Repeat the whole listing exactly as written.

[[ RECORDS FOR PROCESSING, beginning ]]

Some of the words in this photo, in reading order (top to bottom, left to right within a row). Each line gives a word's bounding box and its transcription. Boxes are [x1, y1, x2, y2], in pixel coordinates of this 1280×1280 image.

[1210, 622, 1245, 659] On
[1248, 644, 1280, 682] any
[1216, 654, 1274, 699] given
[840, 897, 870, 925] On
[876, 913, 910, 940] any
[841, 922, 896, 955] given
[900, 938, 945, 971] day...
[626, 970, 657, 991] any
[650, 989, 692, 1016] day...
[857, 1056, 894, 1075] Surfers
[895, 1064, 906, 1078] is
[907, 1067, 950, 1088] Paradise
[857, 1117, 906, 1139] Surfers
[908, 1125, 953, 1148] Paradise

[[ RECORDS FOR PROCESSING, end ]]

ANSWER SPACE:
Some of the words in this photo, in reading order (top to bottom, left to right within a row). Each line gives a word's bounding box and its transcription. Boxes are [x1, y1, x2, y2], in pixel coordinates of this 1280×1280 image.

[1210, 622, 1245, 659] On
[1248, 644, 1280, 682] any
[1216, 654, 1274, 699] given
[840, 897, 870, 925] On
[876, 913, 910, 940] any
[841, 922, 896, 955] given
[900, 938, 945, 971] day...
[626, 970, 657, 991] any
[650, 989, 692, 1016] day...
[857, 1056, 894, 1075] Surfers
[895, 1064, 906, 1078] is
[907, 1067, 950, 1088] Paradise
[857, 1117, 906, 1139] Surfers
[908, 1125, 953, 1148] Paradise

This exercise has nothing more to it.